[Phrase grounding data]

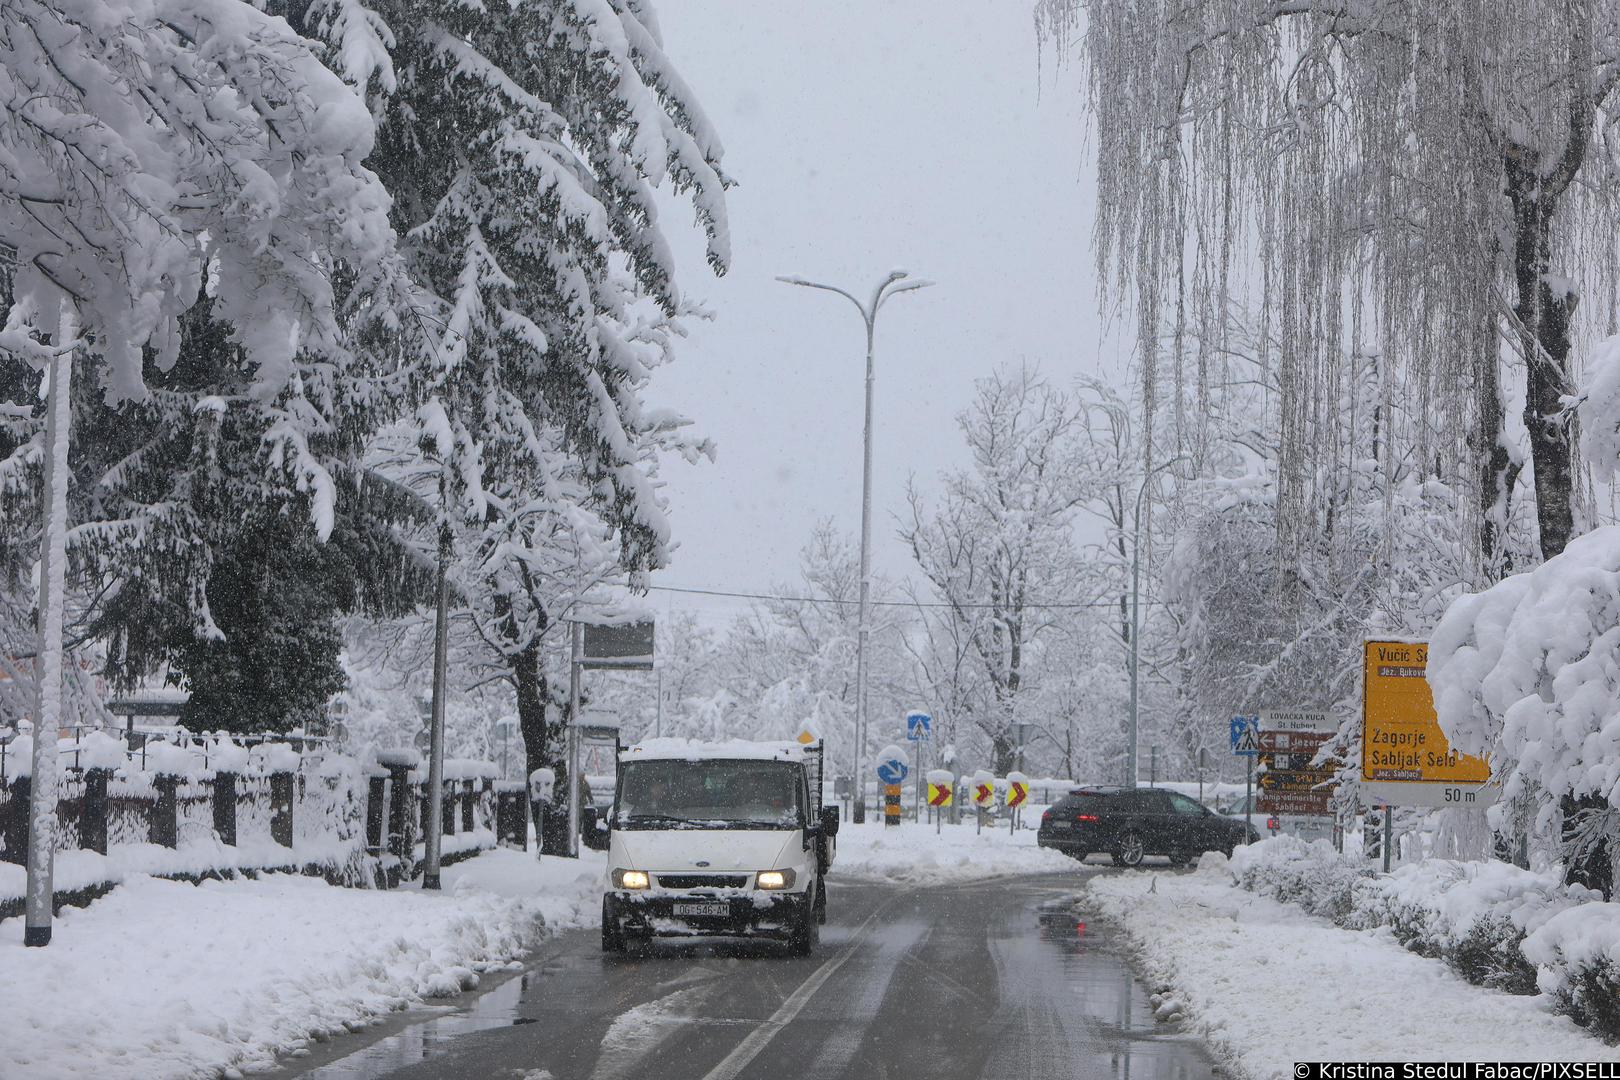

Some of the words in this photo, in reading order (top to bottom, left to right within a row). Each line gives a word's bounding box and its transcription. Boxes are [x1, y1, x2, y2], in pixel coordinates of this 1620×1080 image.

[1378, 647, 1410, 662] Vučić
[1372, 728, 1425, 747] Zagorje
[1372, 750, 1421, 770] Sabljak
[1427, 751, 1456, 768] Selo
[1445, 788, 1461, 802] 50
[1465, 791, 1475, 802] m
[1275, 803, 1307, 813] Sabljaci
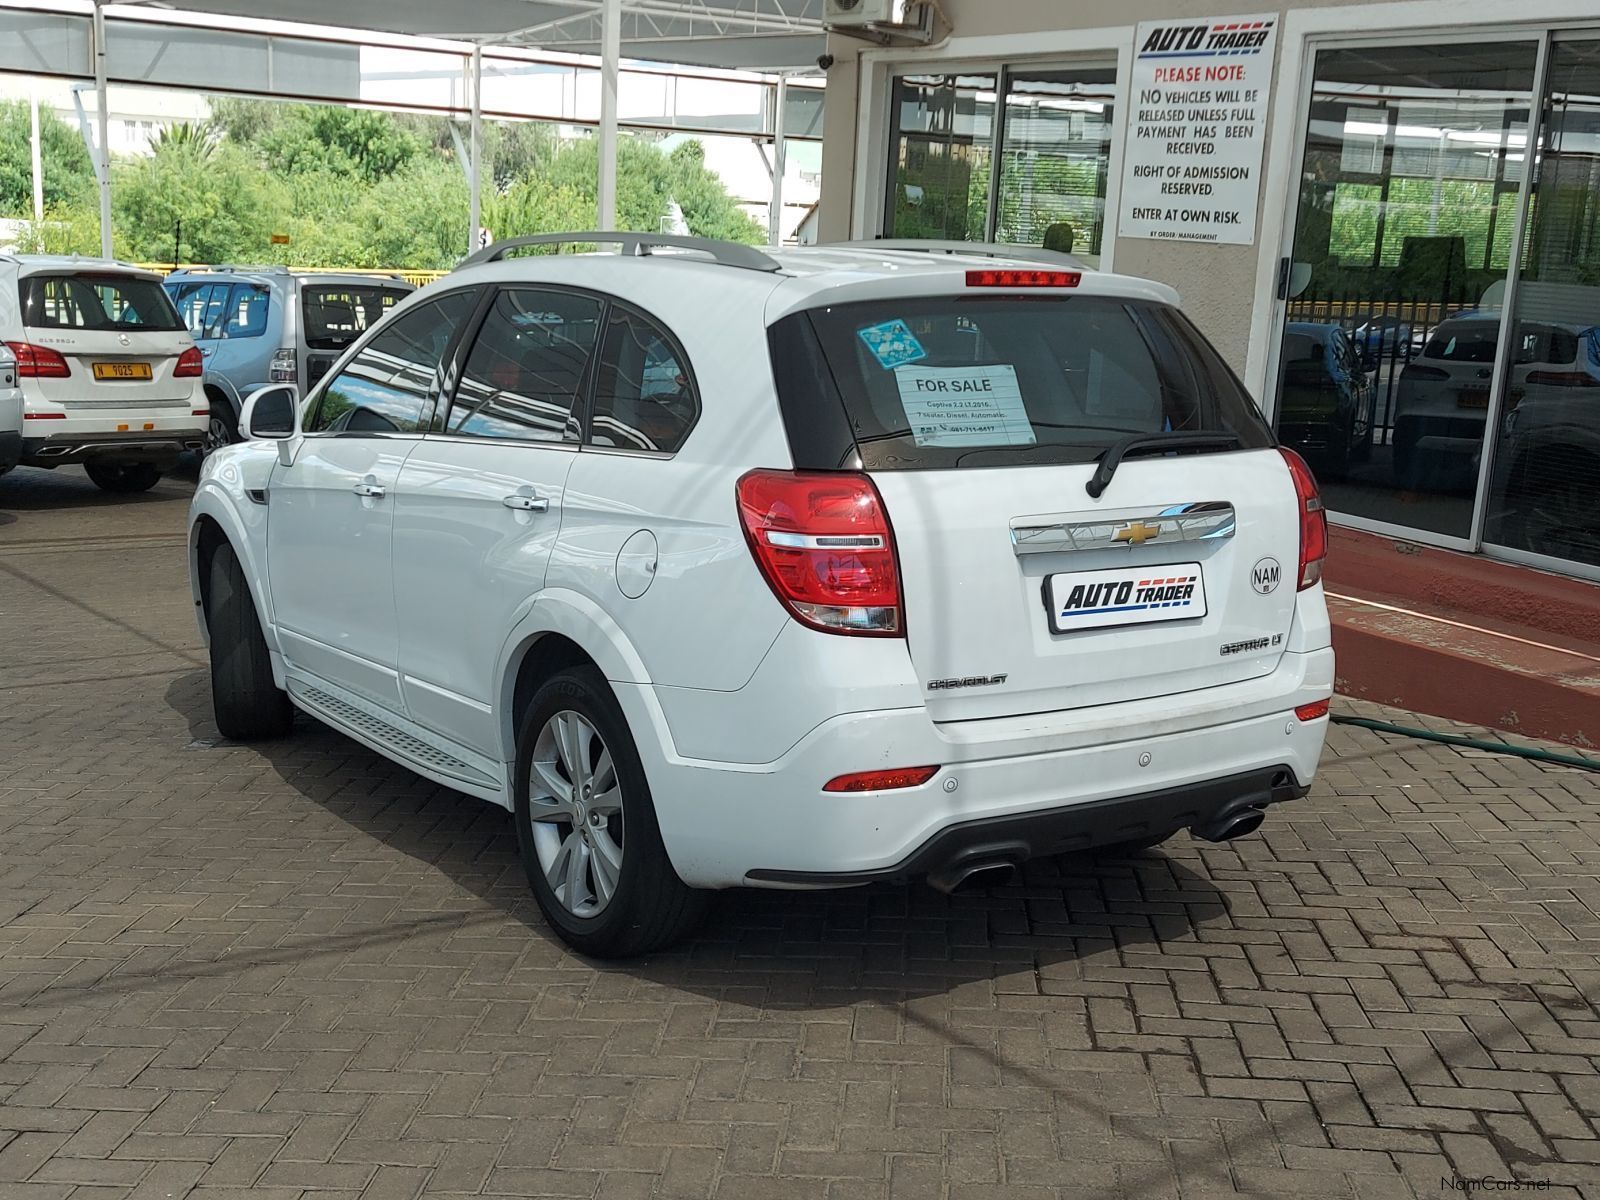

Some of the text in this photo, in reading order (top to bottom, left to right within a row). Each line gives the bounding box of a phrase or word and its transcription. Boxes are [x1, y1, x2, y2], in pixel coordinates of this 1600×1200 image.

• **What is required**
Repeat every line above precisely; pictures do not belong in the copy.

• **Worked solution**
Some of the words in this photo, in reading order (top to bottom, left to right within a row). Each line gives a word's bounding box and its transcription. Boxes are [x1, y1, x2, y2], in pixel coordinates of this 1620×1080 image.

[1378, 647, 1410, 662] Vučić
[1372, 728, 1425, 747] Zagorje
[1372, 750, 1421, 770] Sabljak
[1427, 751, 1456, 768] Selo
[1445, 788, 1461, 802] 50
[1465, 791, 1475, 802] m
[1275, 803, 1307, 813] Sabljaci

Some of the text in this photo, in reading order (top to bottom, left to right within a row). Each line gives the bounding box of a phrase or word and its transcription. Boxes are [x1, y1, x2, y2], in pixel coordinates of this 1600×1200 image.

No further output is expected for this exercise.